[Referring expression grounding data]

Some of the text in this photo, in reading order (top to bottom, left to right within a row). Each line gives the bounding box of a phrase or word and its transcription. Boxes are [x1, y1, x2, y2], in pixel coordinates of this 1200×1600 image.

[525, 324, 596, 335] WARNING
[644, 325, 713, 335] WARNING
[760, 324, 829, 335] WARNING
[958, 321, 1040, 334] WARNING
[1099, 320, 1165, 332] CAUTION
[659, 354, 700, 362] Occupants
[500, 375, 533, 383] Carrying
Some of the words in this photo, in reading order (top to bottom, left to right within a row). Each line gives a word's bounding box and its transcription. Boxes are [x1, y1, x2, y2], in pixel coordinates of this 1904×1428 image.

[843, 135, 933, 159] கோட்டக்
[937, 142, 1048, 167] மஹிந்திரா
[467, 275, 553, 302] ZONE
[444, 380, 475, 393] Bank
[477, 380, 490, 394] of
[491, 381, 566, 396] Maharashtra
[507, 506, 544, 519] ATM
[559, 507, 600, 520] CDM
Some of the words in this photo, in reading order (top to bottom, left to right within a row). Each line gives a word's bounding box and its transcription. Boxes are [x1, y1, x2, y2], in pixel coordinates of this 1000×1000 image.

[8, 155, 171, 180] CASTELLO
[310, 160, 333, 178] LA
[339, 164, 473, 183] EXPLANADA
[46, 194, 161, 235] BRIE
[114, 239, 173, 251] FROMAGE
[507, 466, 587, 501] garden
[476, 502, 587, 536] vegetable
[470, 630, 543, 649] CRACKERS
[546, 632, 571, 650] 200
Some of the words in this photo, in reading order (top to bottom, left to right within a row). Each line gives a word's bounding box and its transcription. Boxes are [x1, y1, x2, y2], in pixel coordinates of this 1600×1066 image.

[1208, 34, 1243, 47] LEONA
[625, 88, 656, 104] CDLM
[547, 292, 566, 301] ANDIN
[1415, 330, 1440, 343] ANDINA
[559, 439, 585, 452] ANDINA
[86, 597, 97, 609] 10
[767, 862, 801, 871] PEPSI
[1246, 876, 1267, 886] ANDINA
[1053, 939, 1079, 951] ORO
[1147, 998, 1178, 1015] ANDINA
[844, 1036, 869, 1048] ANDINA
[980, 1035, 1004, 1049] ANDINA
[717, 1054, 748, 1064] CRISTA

* [About this exercise]: Write out every entry exactly as it appears.

* [The answer]:
Some of the text in this photo, in reading order (top to bottom, left to right within a row). Each line gives the bounding box of a phrase or word and its transcription. Boxes are [x1, y1, x2, y2], in pixel coordinates of this 1200×1600 image.

[525, 324, 596, 335] WARNING
[644, 325, 713, 335] WARNING
[760, 324, 829, 335] WARNING
[958, 321, 1040, 334] WARNING
[1099, 320, 1165, 332] CAUTION
[659, 354, 700, 362] Occupants
[500, 375, 533, 383] Carrying
Some of the words in this photo, in reading order (top to bottom, left to right within a row). Each line gives a word's bounding box and its transcription. Boxes are [x1, y1, x2, y2], in pixel coordinates of this 1904×1428 image.

[843, 135, 933, 159] கோட்டக்
[937, 142, 1048, 167] மஹிந்திரா
[467, 275, 553, 302] ZONE
[444, 380, 475, 393] Bank
[477, 380, 490, 394] of
[491, 381, 566, 396] Maharashtra
[507, 506, 544, 519] ATM
[559, 507, 600, 520] CDM
Some of the words in this photo, in reading order (top to bottom, left to right within a row). Each line gives a word's bounding box and its transcription. Boxes are [x1, y1, x2, y2], in pixel coordinates of this 1000×1000 image.

[8, 155, 171, 180] CASTELLO
[310, 160, 333, 178] LA
[339, 164, 473, 183] EXPLANADA
[46, 194, 161, 235] BRIE
[114, 239, 173, 251] FROMAGE
[507, 466, 587, 501] garden
[476, 502, 587, 536] vegetable
[470, 630, 543, 649] CRACKERS
[546, 632, 571, 650] 200
Some of the words in this photo, in reading order (top to bottom, left to right within a row). Each line gives a word's bounding box and its transcription. Boxes are [x1, y1, x2, y2], in pixel coordinates of this 1600×1066 image.

[1208, 34, 1243, 47] LEONA
[625, 88, 656, 104] CDLM
[547, 292, 566, 301] ANDIN
[1415, 330, 1440, 343] ANDINA
[559, 439, 585, 452] ANDINA
[86, 597, 97, 609] 10
[767, 862, 801, 871] PEPSI
[1246, 876, 1267, 886] ANDINA
[1053, 939, 1079, 951] ORO
[1147, 998, 1178, 1015] ANDINA
[844, 1036, 869, 1048] ANDINA
[980, 1035, 1004, 1049] ANDINA
[717, 1054, 748, 1064] CRISTA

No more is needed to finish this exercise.